I like the B-24, B-26, Wellington, Lanc, SBD.


----------



## plan_D (Aug 9, 2004)

Mosquito, B-25, B-24, Ju-88, Lanc.


----------



## the lancaster kicks ass (Aug 9, 2004)

lancaster!!!!!!!!!!!!!!!!!



> B-17- Definitely!!



how dare you!!


----------



## Maestro (Aug 9, 2004)

B-17, B-25, Lancaster, B-24.


----------



## NightHawk (Aug 10, 2004)

especaily-b-17,stuka,he111,ju88 and every thing ealse. whats not to like in bombers ? pretty much they are all the same.


----------



## GermansRGeniuses (Aug 10, 2004)

No, not at all.

You misproved yourself there.

The Stuka is NOTHING like the Ju-88, the Ju-88 is a different class than the B-17...


IL-2 is like the Stuka, the Battle was crap, the Me-262 bomber was too fast and in turn ineffective, the P-38 was a very unique bomber, the Mossie was one of a kind...



They are not at all the same...


Look at the Ju-88 itself, _Jager, Nachtjager, Bomber_(Bomber is Bomber in German),Maritime attack, tank-buster, ground-attack...

Same with the Mossie.


----------



## MP-Willow (Aug 10, 2004)

Ok for Heavies: B-24 8), Halifax, G4M, H8K "Emily", P-108
Medium, Welington, B-25, B-26, He-111
Light, P-38, SBSC Helldiver, PBY, and PBM.

Bombers were great! Mobern bombers have nothing on these ones. I have more but I wil keep it short!
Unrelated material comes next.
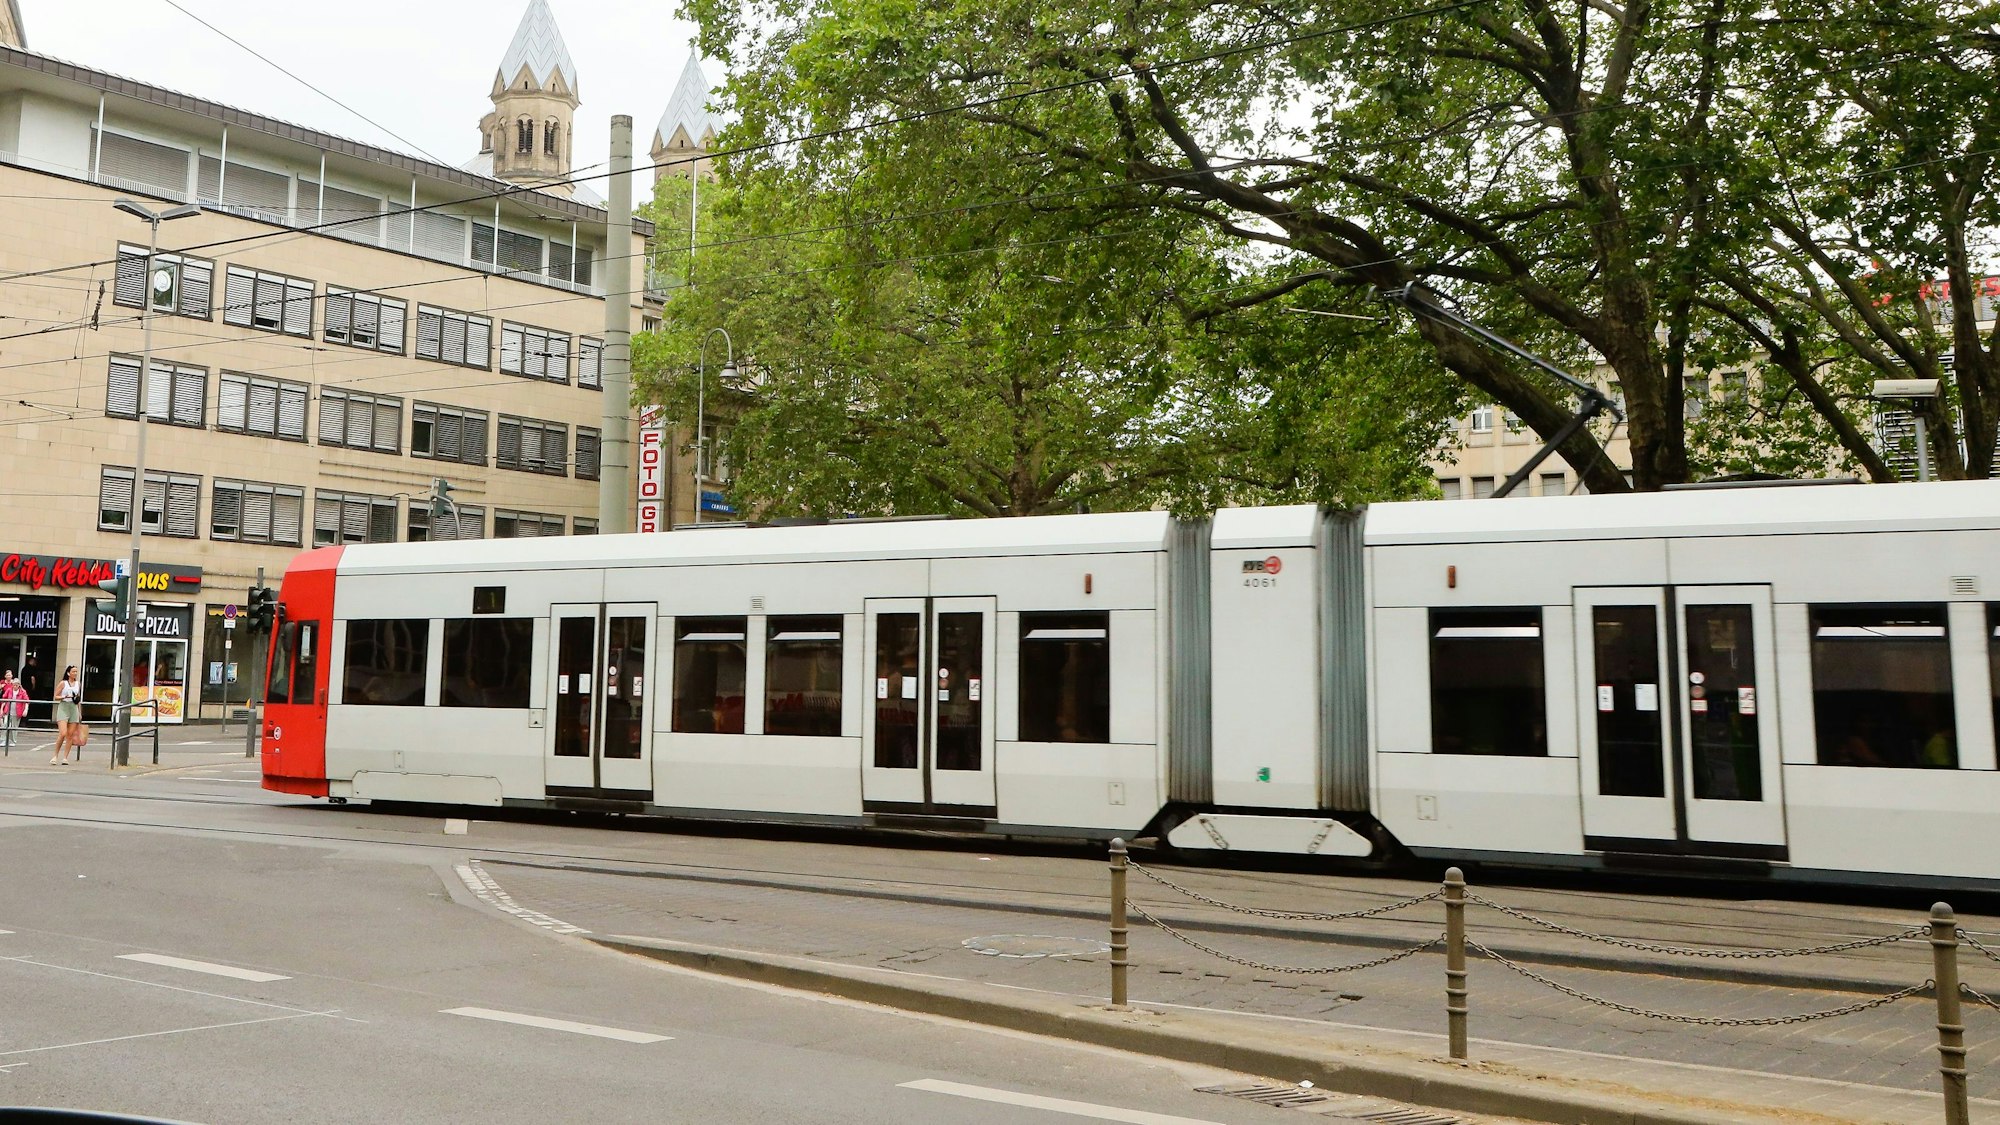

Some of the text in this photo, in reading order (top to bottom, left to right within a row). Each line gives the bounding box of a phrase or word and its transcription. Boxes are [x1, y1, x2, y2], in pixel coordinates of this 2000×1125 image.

[1, 554, 170, 591] City Kebab aus
[1243, 578, 1276, 588] 4061
[19, 611, 57, 629] FALAFEL
[146, 616, 180, 635] PIZZA
B-24


----------



## the lancaster kicks ass (Aug 10, 2004)

> Light, P-38



the P-38 was a fighter bomber when it carried bombs.................


----------



## Lightning Guy (Aug 10, 2004)

But there were the versions carrying a Norden sight or a BTO radar that were definitely bombers.


----------



## NightHawk (Aug 11, 2004)

what is this stupid consept in ww2 thet biger is better ???


----------



## plan_D (Aug 11, 2004)

The bigger the bomber, logically the more it can carry. So the more it can destroy on the ground. It wasn't stupid in those days because the restrictions were on the engines, until jets came a long.


----------



## the lancaster kicks ass (Aug 11, 2004)

just look at the B-29.....................


----------



## plan_D (Aug 11, 2004)

OK...I will.


----------



## the lancaster kicks ass (Aug 11, 2004)

fine, be like that........................


----------



## plan_D (Aug 11, 2004)

So how far has that stick gone now?


----------



## the lancaster kicks ass (Aug 11, 2004)




----------



## plan_D (Aug 11, 2004)

"You wouldn't understand"


----------



## the lancaster kicks ass (Aug 11, 2004)

i take it you meant the stick as in the B-29......................


----------



## plan_D (Aug 11, 2004)

No...


----------



## the lancaster kicks ass (Aug 11, 2004)

i'll leave it there then....................


----------



## plan_D (Aug 11, 2004)

Ok. Well it was that stick up your arse, but we'll leave it there.


----------



## the lancaster kicks ass (Aug 11, 2004)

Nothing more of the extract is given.